> [Exercise aim]
All lines from the one containing "Some of the words" through the end of the data below are to be transcribed exactly. Leave out the rest.

[[ Extracted data open ]]

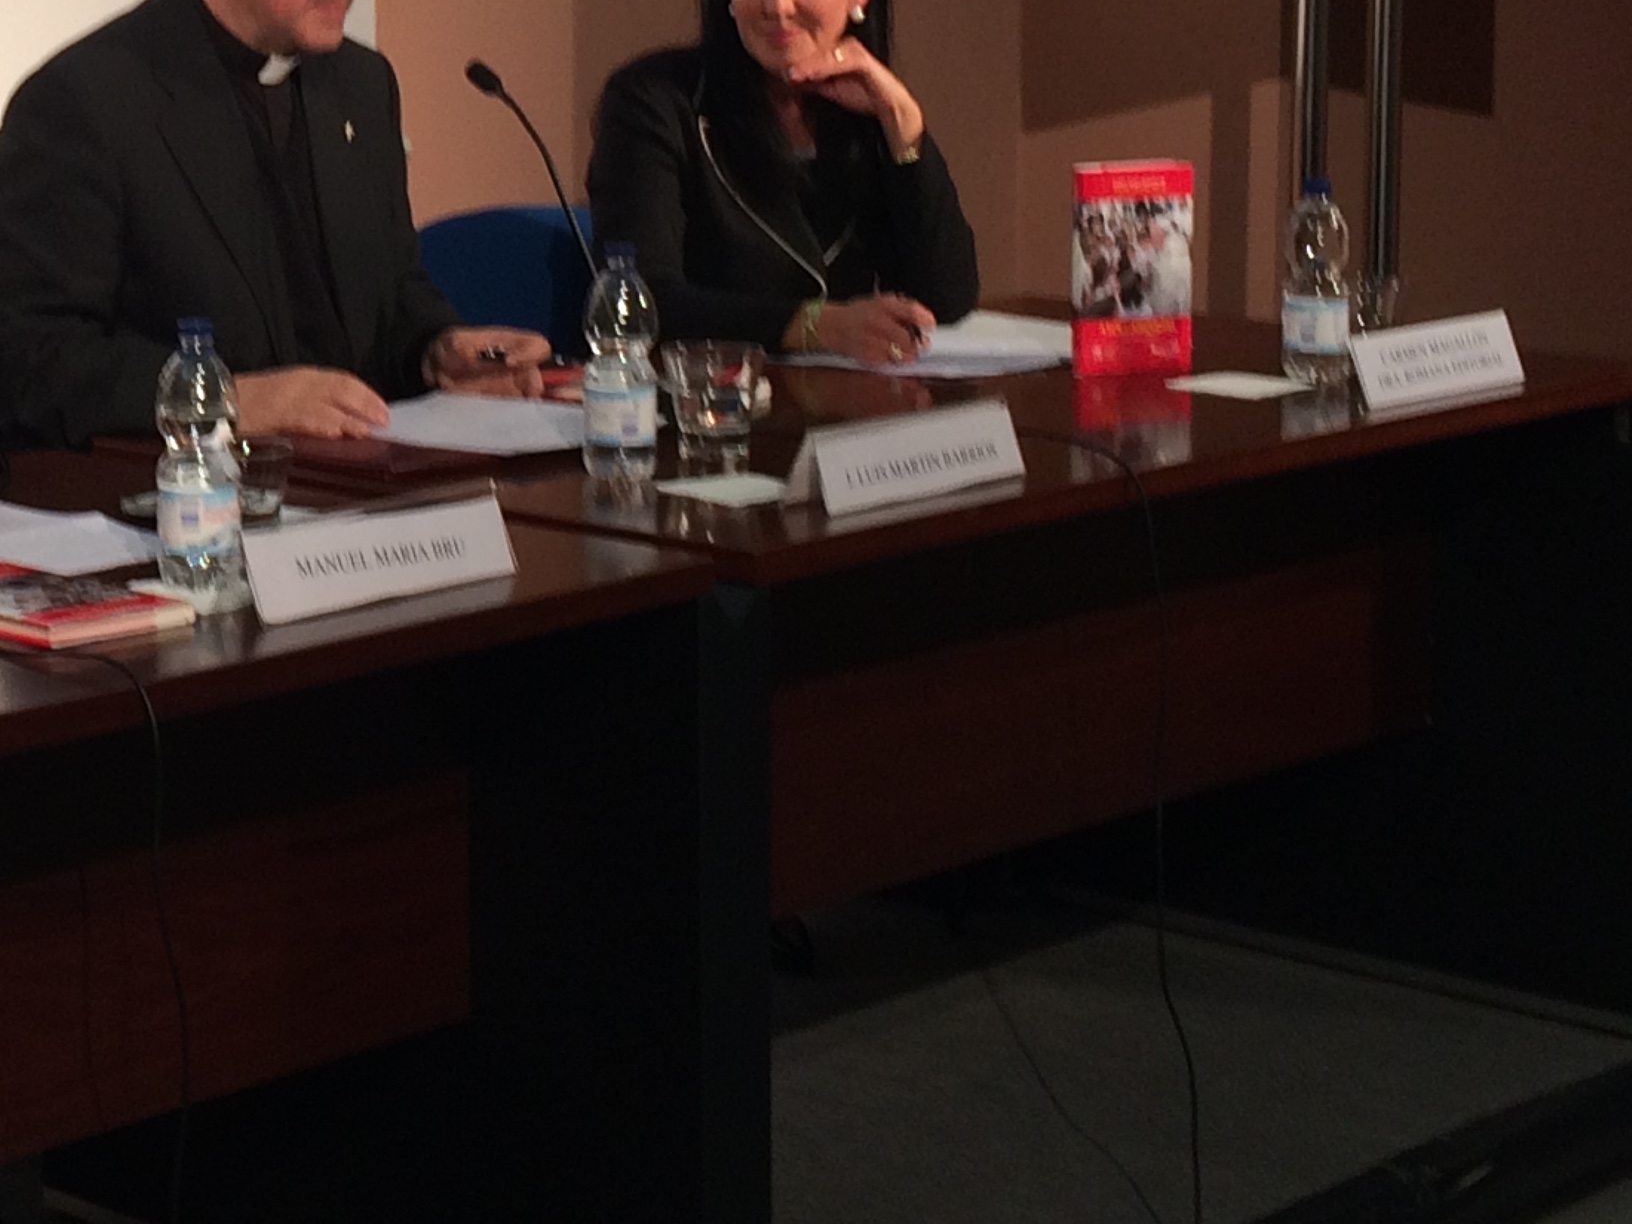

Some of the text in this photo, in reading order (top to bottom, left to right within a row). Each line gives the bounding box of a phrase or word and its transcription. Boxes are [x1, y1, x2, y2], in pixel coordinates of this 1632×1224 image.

[294, 533, 468, 580] MANUEL MARIA BRU
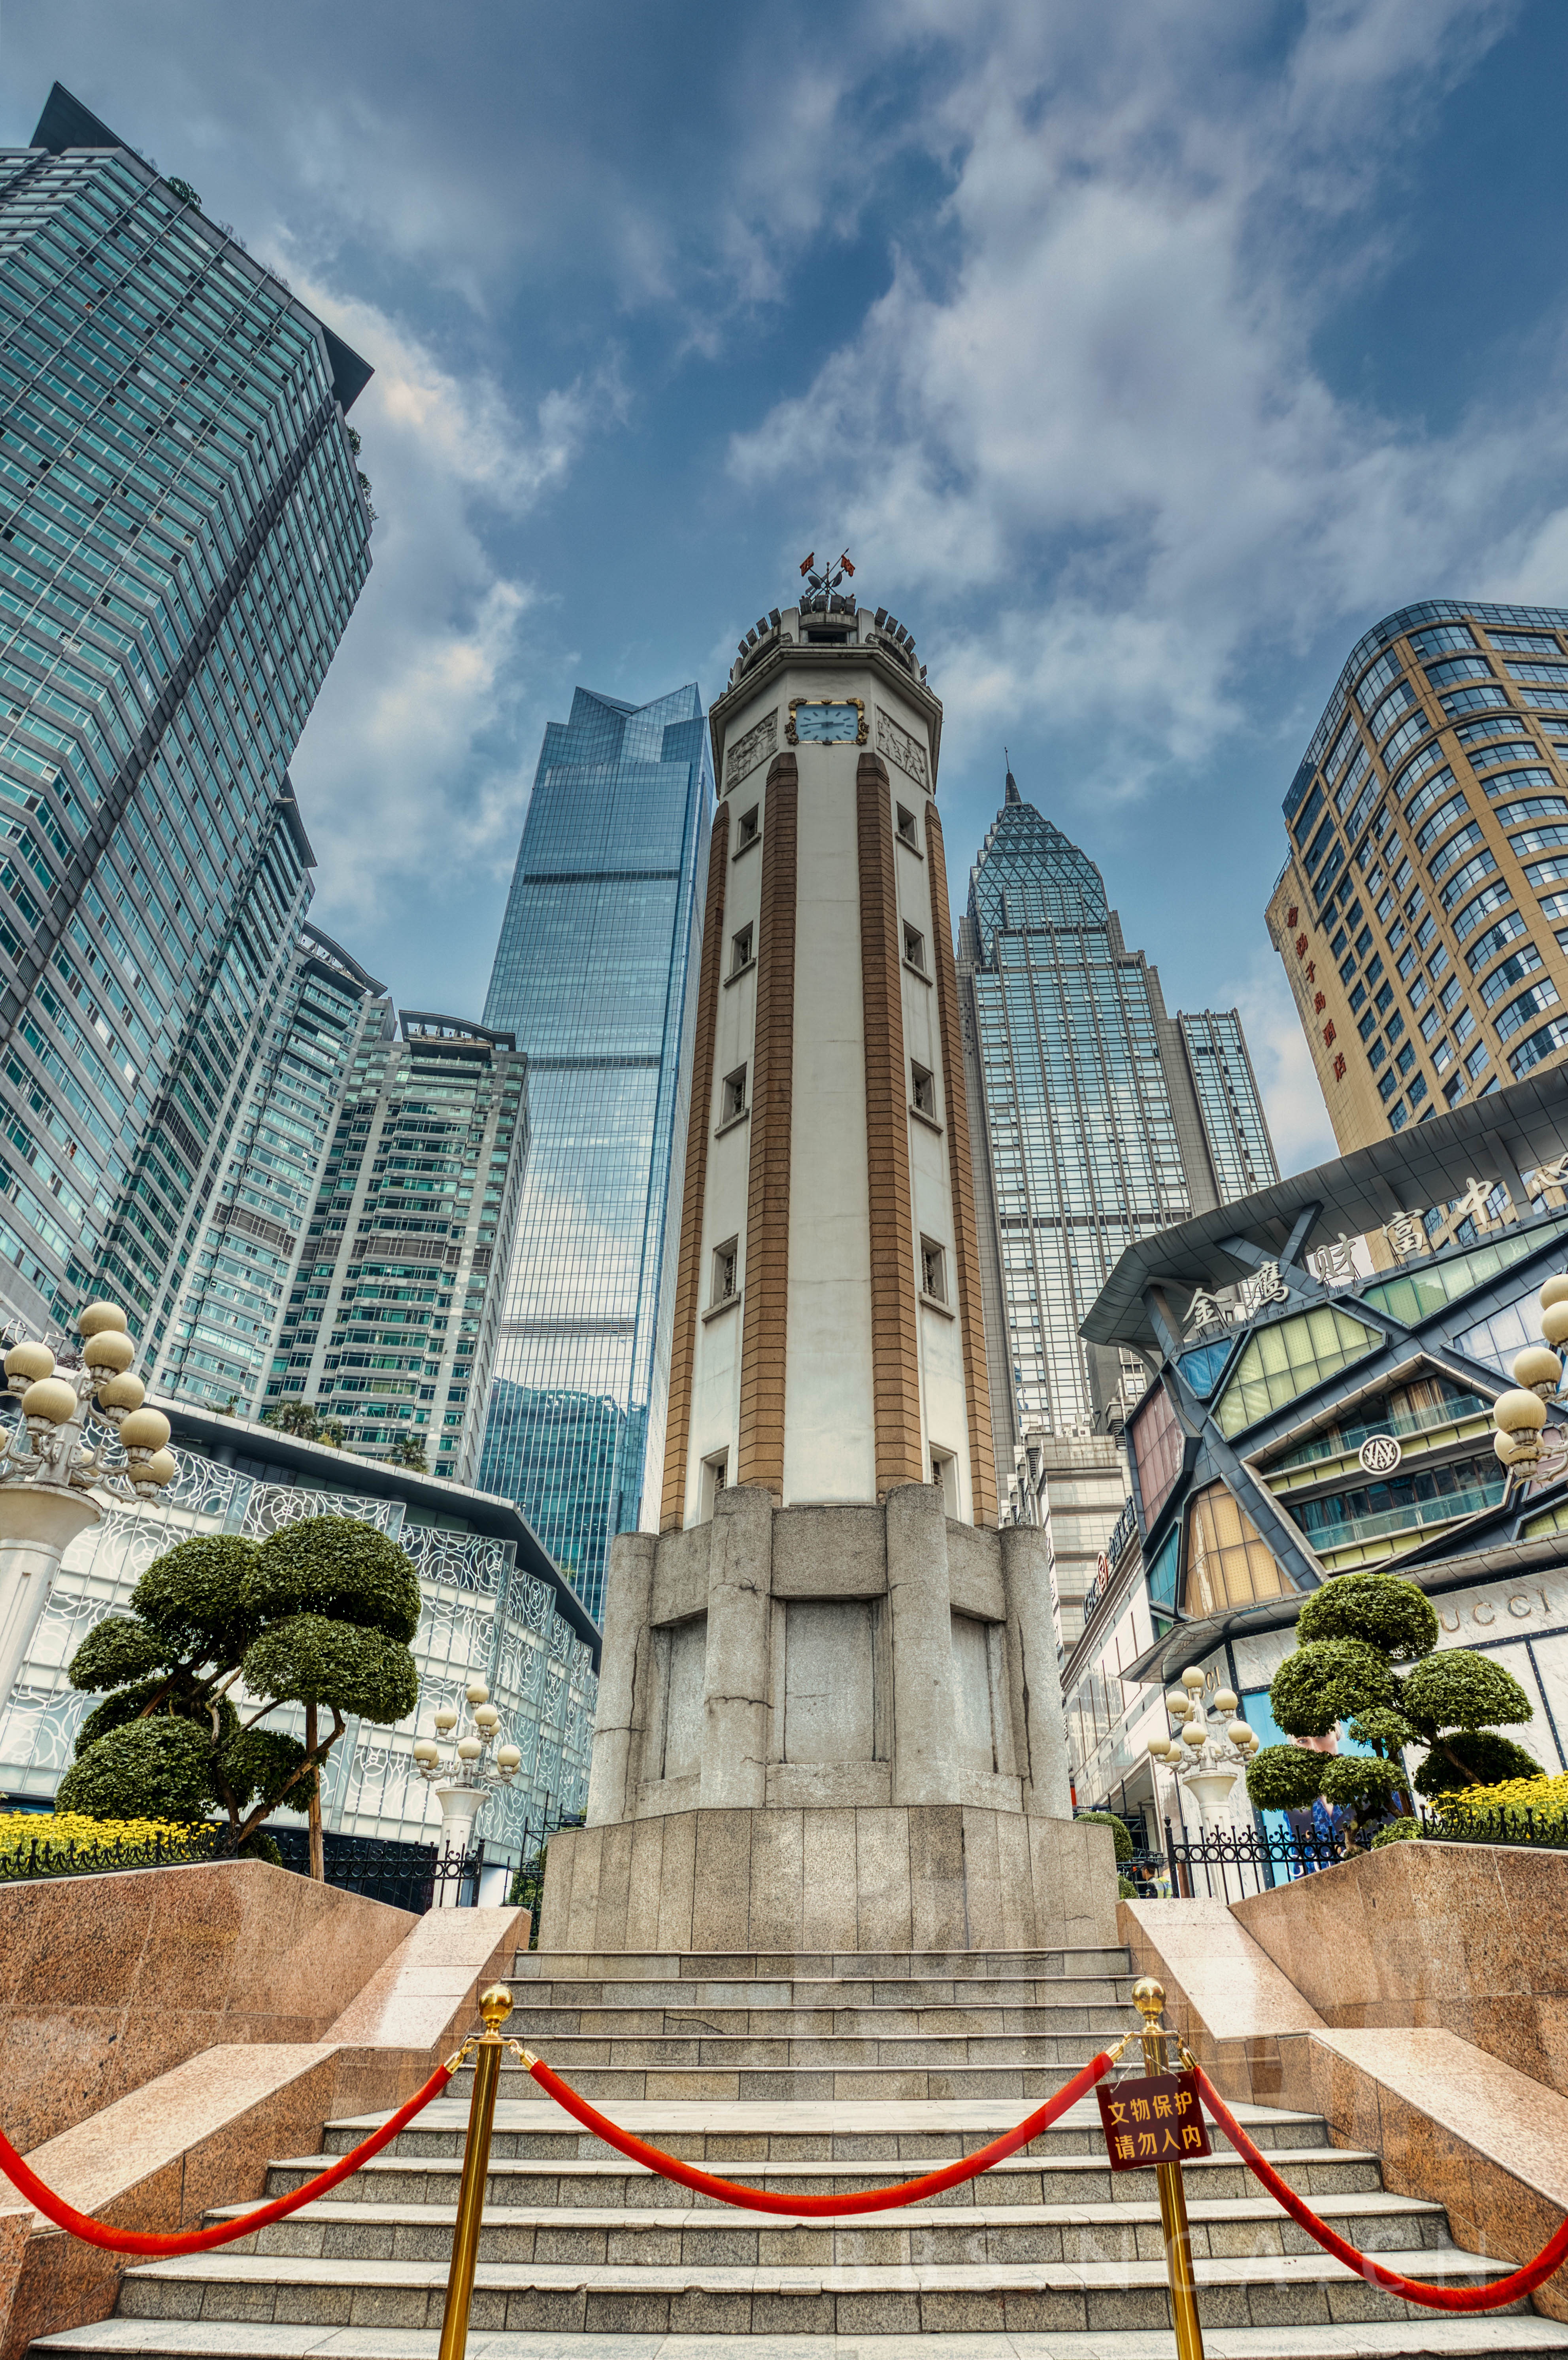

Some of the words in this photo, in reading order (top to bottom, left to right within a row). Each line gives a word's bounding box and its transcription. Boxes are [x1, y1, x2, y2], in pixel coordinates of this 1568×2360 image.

[1182, 1153, 1568, 1330] 金鹰财富中心
[1438, 1589, 1552, 1633] UCCI
[1108, 2091, 1193, 2126] 文物保护

[[ Extracted data closed ]]

> [Response to this exercise]
Some of the words in this photo, in reading order (top to bottom, left to right within a row). Each line gives a word's bounding box and its transcription. Boxes are [x1, y1, x2, y2], in pixel coordinates of this 1568×2360 image.

[1182, 1153, 1568, 1330] 金鹰财富中心
[1438, 1589, 1552, 1633] UCCI
[1108, 2091, 1193, 2126] 文物保护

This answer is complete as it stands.